**Task to carry out:** Reproduce the entries verbatim; no pictures.

**Recorded data:**
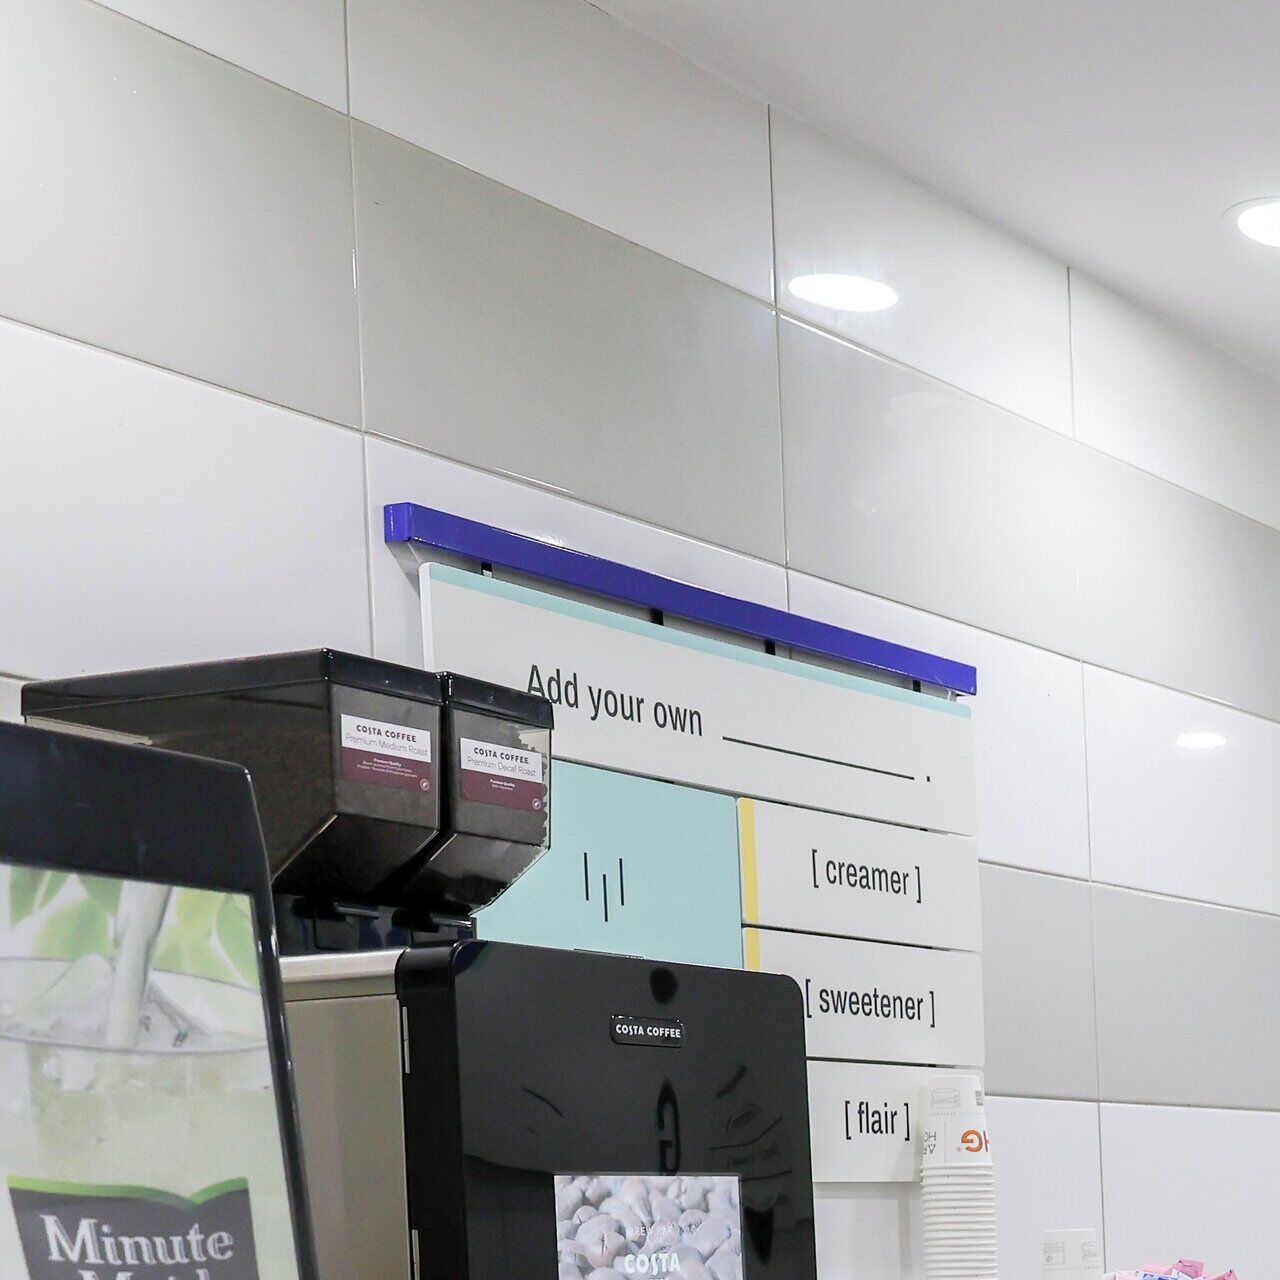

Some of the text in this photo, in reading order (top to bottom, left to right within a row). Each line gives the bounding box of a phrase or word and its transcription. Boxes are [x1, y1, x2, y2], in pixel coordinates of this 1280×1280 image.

[527, 664, 703, 737] Add your own
[345, 733, 378, 746] Premium
[356, 724, 417, 743] COSTA COFFEE
[467, 756, 497, 769] Premium
[497, 761, 517, 773] Decaf
[473, 747, 529, 764] COSTA COFFEE
[825, 859, 909, 896] creamer
[819, 987, 924, 1021] sweetener
[616, 1023, 681, 1038] COSTA COFFEE
[857, 1101, 898, 1134] flair
[40, 1214, 234, 1266] Minute
[623, 1252, 681, 1276] COSTA
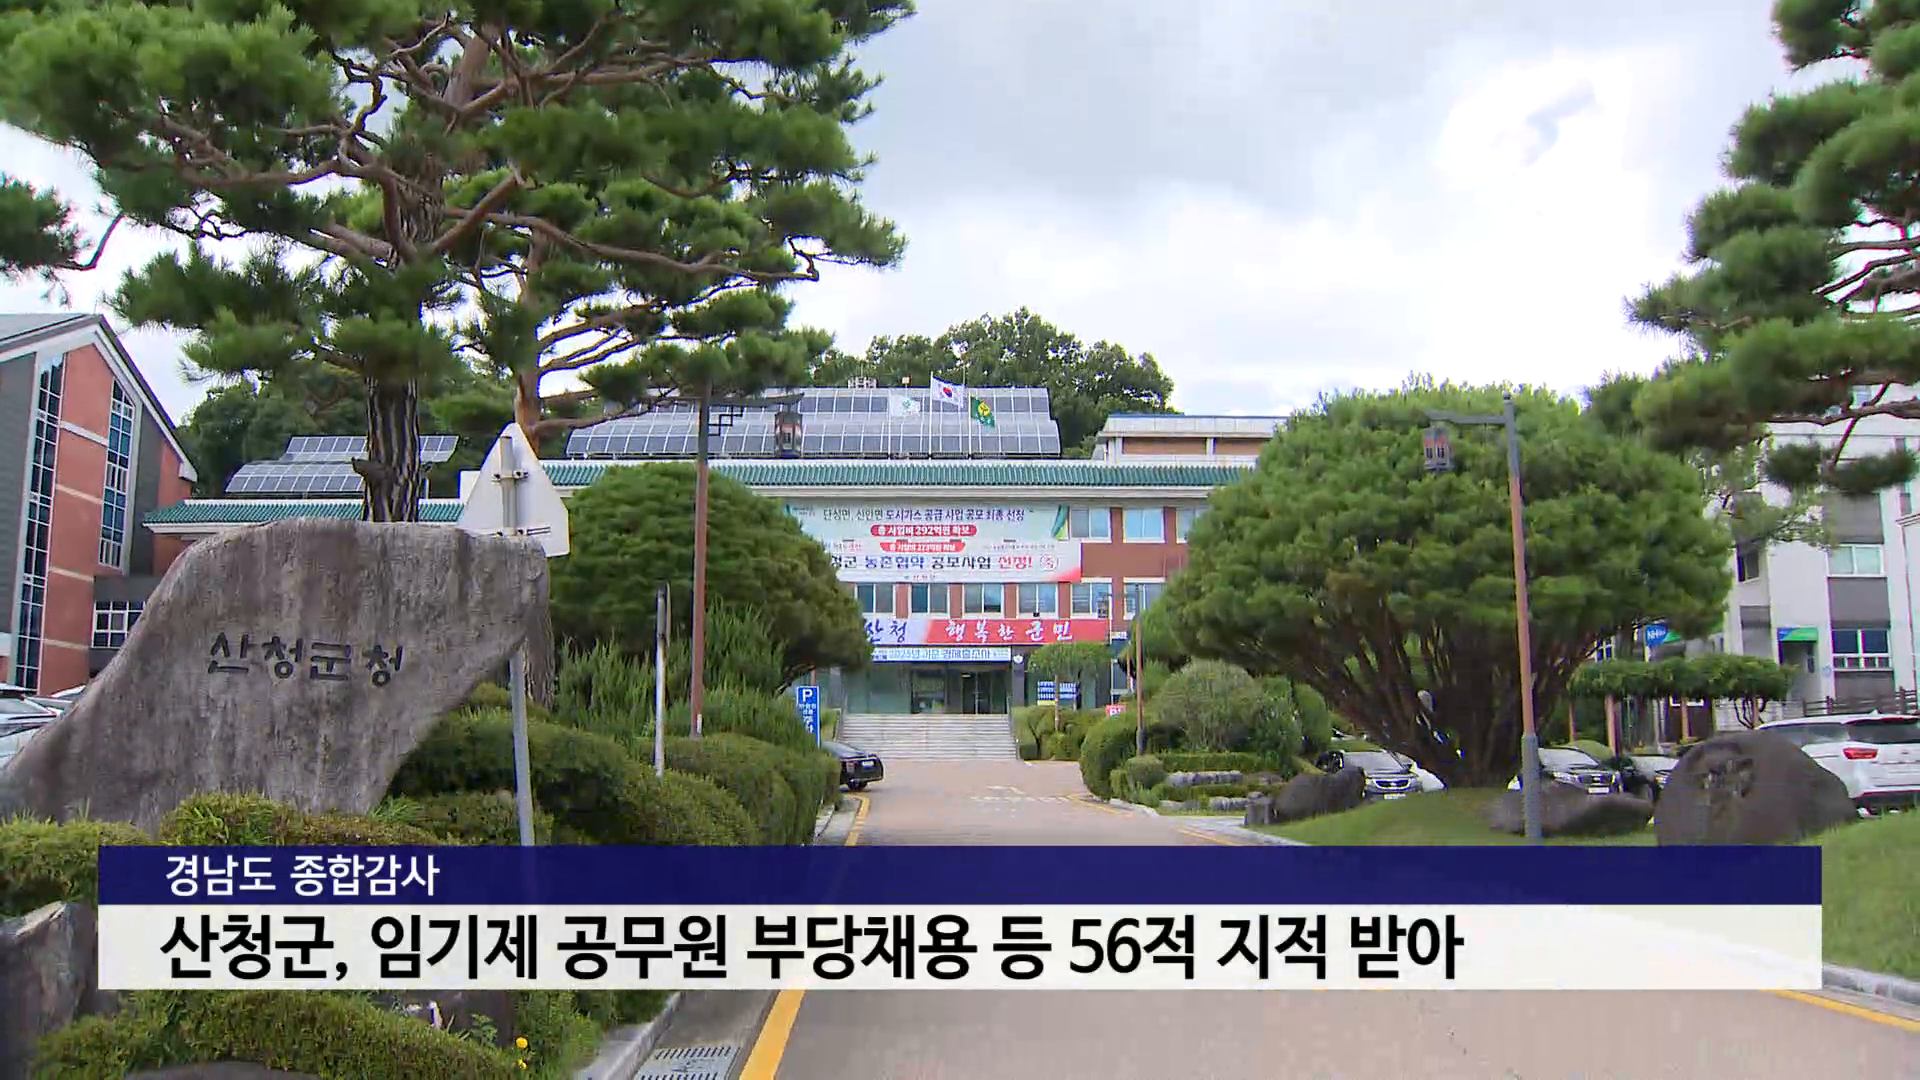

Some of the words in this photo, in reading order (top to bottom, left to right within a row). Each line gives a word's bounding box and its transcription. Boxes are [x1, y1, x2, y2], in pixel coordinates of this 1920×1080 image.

**Task answer:**
Some of the text in this photo, in reading order (top to bottom, left to right within a row). Each line gives the bounding box of a phrase or word and its transcription. Boxes are [x1, y1, x2, y2], in pixel coordinates of this 1280×1280 image.

[527, 664, 703, 737] Add your own
[345, 733, 378, 746] Premium
[356, 724, 417, 743] COSTA COFFEE
[467, 756, 497, 769] Premium
[497, 761, 517, 773] Decaf
[473, 747, 529, 764] COSTA COFFEE
[825, 859, 909, 896] creamer
[819, 987, 924, 1021] sweetener
[616, 1023, 681, 1038] COSTA COFFEE
[857, 1101, 898, 1134] flair
[40, 1214, 234, 1266] Minute
[623, 1252, 681, 1276] COSTA

Some of the words in this photo, in reading order (top to bottom, left to right within a row). Each line gives a word's bounding box and its transcription. Boxes are [x1, y1, x2, y2], in pixel coordinates of this 1920×1080 image.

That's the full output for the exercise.